--- WORKING DATA Enclosed Below ---

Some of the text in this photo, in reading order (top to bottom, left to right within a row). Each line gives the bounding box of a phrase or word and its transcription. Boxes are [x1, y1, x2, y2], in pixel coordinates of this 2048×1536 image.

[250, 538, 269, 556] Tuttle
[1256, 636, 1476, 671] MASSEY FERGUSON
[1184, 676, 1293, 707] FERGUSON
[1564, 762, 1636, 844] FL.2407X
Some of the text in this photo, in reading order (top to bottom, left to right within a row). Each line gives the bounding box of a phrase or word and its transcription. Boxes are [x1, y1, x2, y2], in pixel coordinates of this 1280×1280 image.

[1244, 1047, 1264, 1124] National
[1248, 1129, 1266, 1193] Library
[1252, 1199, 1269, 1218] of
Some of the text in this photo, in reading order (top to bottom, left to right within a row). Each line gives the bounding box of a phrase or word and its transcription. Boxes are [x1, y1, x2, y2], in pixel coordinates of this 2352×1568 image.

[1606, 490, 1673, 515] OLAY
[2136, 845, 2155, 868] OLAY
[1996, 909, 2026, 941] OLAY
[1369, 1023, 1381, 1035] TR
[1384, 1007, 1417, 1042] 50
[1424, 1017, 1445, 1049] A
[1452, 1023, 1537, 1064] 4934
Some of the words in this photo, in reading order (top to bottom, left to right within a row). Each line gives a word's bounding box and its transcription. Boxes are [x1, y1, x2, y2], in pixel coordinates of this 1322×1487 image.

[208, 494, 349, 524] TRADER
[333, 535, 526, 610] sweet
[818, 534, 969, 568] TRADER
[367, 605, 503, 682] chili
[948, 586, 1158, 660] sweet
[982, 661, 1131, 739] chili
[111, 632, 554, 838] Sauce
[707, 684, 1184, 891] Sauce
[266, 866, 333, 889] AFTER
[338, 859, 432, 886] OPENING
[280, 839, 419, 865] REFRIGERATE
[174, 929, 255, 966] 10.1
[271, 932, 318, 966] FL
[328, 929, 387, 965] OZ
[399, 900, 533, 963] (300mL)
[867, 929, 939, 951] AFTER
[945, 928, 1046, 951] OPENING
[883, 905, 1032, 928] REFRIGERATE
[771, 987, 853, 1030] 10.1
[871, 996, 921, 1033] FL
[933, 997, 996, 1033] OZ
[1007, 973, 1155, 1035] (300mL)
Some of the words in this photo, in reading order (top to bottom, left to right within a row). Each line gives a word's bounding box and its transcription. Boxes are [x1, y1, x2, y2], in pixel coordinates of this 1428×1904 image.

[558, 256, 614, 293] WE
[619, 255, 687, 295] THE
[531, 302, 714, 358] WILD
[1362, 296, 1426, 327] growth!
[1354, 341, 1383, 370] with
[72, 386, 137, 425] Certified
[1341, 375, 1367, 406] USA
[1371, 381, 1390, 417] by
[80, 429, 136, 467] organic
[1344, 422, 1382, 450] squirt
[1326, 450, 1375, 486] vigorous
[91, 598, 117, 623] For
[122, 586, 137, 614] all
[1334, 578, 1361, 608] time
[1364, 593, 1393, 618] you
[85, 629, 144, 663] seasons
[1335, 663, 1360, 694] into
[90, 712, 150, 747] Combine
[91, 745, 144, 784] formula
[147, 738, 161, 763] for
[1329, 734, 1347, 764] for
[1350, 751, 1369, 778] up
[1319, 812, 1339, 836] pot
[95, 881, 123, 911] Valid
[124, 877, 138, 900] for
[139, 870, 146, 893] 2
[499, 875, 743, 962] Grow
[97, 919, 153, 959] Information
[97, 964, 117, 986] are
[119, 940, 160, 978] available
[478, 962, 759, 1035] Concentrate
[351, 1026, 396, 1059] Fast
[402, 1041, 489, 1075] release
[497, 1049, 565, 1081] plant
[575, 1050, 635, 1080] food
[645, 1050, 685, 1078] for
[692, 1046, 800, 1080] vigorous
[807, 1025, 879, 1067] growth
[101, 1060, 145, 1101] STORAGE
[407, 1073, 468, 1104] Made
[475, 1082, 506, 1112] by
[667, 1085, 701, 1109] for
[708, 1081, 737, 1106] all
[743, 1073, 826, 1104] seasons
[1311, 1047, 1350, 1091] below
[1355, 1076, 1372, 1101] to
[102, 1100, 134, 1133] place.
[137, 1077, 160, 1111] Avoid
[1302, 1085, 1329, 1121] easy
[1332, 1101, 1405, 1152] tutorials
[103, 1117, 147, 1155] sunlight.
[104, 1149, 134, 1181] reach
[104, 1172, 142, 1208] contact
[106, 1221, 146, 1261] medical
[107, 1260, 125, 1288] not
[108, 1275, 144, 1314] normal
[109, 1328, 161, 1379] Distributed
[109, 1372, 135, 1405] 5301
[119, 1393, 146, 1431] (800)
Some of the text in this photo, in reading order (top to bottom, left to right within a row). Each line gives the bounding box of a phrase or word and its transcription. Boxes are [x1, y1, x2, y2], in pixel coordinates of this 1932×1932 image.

--- End of Enclosed WORKING DATA ---

**WHAT YOU ARE ASKED TO DO**
The answer should consist of all the lines above, retyped exactly.

**REPLY**
Some of the text in this photo, in reading order (top to bottom, left to right within a row). Each line gives the bounding box of a phrase or word and its transcription. Boxes are [x1, y1, x2, y2], in pixel coordinates of this 2048×1536 image.

[250, 538, 269, 556] Tuttle
[1256, 636, 1476, 671] MASSEY FERGUSON
[1184, 676, 1293, 707] FERGUSON
[1564, 762, 1636, 844] FL.2407X
Some of the text in this photo, in reading order (top to bottom, left to right within a row). Each line gives the bounding box of a phrase or word and its transcription. Boxes are [x1, y1, x2, y2], in pixel coordinates of this 1280×1280 image.

[1244, 1047, 1264, 1124] National
[1248, 1129, 1266, 1193] Library
[1252, 1199, 1269, 1218] of
Some of the text in this photo, in reading order (top to bottom, left to right within a row). Each line gives the bounding box of a phrase or word and its transcription. Boxes are [x1, y1, x2, y2], in pixel coordinates of this 2352×1568 image.

[1606, 490, 1673, 515] OLAY
[2136, 845, 2155, 868] OLAY
[1996, 909, 2026, 941] OLAY
[1369, 1023, 1381, 1035] TR
[1384, 1007, 1417, 1042] 50
[1424, 1017, 1445, 1049] A
[1452, 1023, 1537, 1064] 4934
Some of the words in this photo, in reading order (top to bottom, left to right within a row). Each line gives a word's bounding box and its transcription. Boxes are [x1, y1, x2, y2], in pixel coordinates of this 1322×1487 image.

[208, 494, 349, 524] TRADER
[333, 535, 526, 610] sweet
[818, 534, 969, 568] TRADER
[367, 605, 503, 682] chili
[948, 586, 1158, 660] sweet
[982, 661, 1131, 739] chili
[111, 632, 554, 838] Sauce
[707, 684, 1184, 891] Sauce
[266, 866, 333, 889] AFTER
[338, 859, 432, 886] OPENING
[280, 839, 419, 865] REFRIGERATE
[174, 929, 255, 966] 10.1
[271, 932, 318, 966] FL
[328, 929, 387, 965] OZ
[399, 900, 533, 963] (300mL)
[867, 929, 939, 951] AFTER
[945, 928, 1046, 951] OPENING
[883, 905, 1032, 928] REFRIGERATE
[771, 987, 853, 1030] 10.1
[871, 996, 921, 1033] FL
[933, 997, 996, 1033] OZ
[1007, 973, 1155, 1035] (300mL)
Some of the words in this photo, in reading order (top to bottom, left to right within a row). Each line gives a word's bounding box and its transcription. Boxes are [x1, y1, x2, y2], in pixel coordinates of this 1428×1904 image.

[558, 256, 614, 293] WE
[619, 255, 687, 295] THE
[531, 302, 714, 358] WILD
[1362, 296, 1426, 327] growth!
[1354, 341, 1383, 370] with
[72, 386, 137, 425] Certified
[1341, 375, 1367, 406] USA
[1371, 381, 1390, 417] by
[80, 429, 136, 467] organic
[1344, 422, 1382, 450] squirt
[1326, 450, 1375, 486] vigorous
[91, 598, 117, 623] For
[122, 586, 137, 614] all
[1334, 578, 1361, 608] time
[1364, 593, 1393, 618] you
[85, 629, 144, 663] seasons
[1335, 663, 1360, 694] into
[90, 712, 150, 747] Combine
[91, 745, 144, 784] formula
[147, 738, 161, 763] for
[1329, 734, 1347, 764] for
[1350, 751, 1369, 778] up
[1319, 812, 1339, 836] pot
[95, 881, 123, 911] Valid
[124, 877, 138, 900] for
[139, 870, 146, 893] 2
[499, 875, 743, 962] Grow
[97, 919, 153, 959] Information
[97, 964, 117, 986] are
[119, 940, 160, 978] available
[478, 962, 759, 1035] Concentrate
[351, 1026, 396, 1059] Fast
[402, 1041, 489, 1075] release
[497, 1049, 565, 1081] plant
[575, 1050, 635, 1080] food
[645, 1050, 685, 1078] for
[692, 1046, 800, 1080] vigorous
[807, 1025, 879, 1067] growth
[101, 1060, 145, 1101] STORAGE
[407, 1073, 468, 1104] Made
[475, 1082, 506, 1112] by
[667, 1085, 701, 1109] for
[708, 1081, 737, 1106] all
[743, 1073, 826, 1104] seasons
[1311, 1047, 1350, 1091] below
[1355, 1076, 1372, 1101] to
[102, 1100, 134, 1133] place.
[137, 1077, 160, 1111] Avoid
[1302, 1085, 1329, 1121] easy
[1332, 1101, 1405, 1152] tutorials
[103, 1117, 147, 1155] sunlight.
[104, 1149, 134, 1181] reach
[104, 1172, 142, 1208] contact
[106, 1221, 146, 1261] medical
[107, 1260, 125, 1288] not
[108, 1275, 144, 1314] normal
[109, 1328, 161, 1379] Distributed
[109, 1372, 135, 1405] 5301
[119, 1393, 146, 1431] (800)
Some of the text in this photo, in reading order (top to bottom, left to right within a row). Each line gives the bounding box of a phrase or word and its transcription. Boxes are [x1, y1, x2, y2], in pixel coordinates of this 1932×1932 image.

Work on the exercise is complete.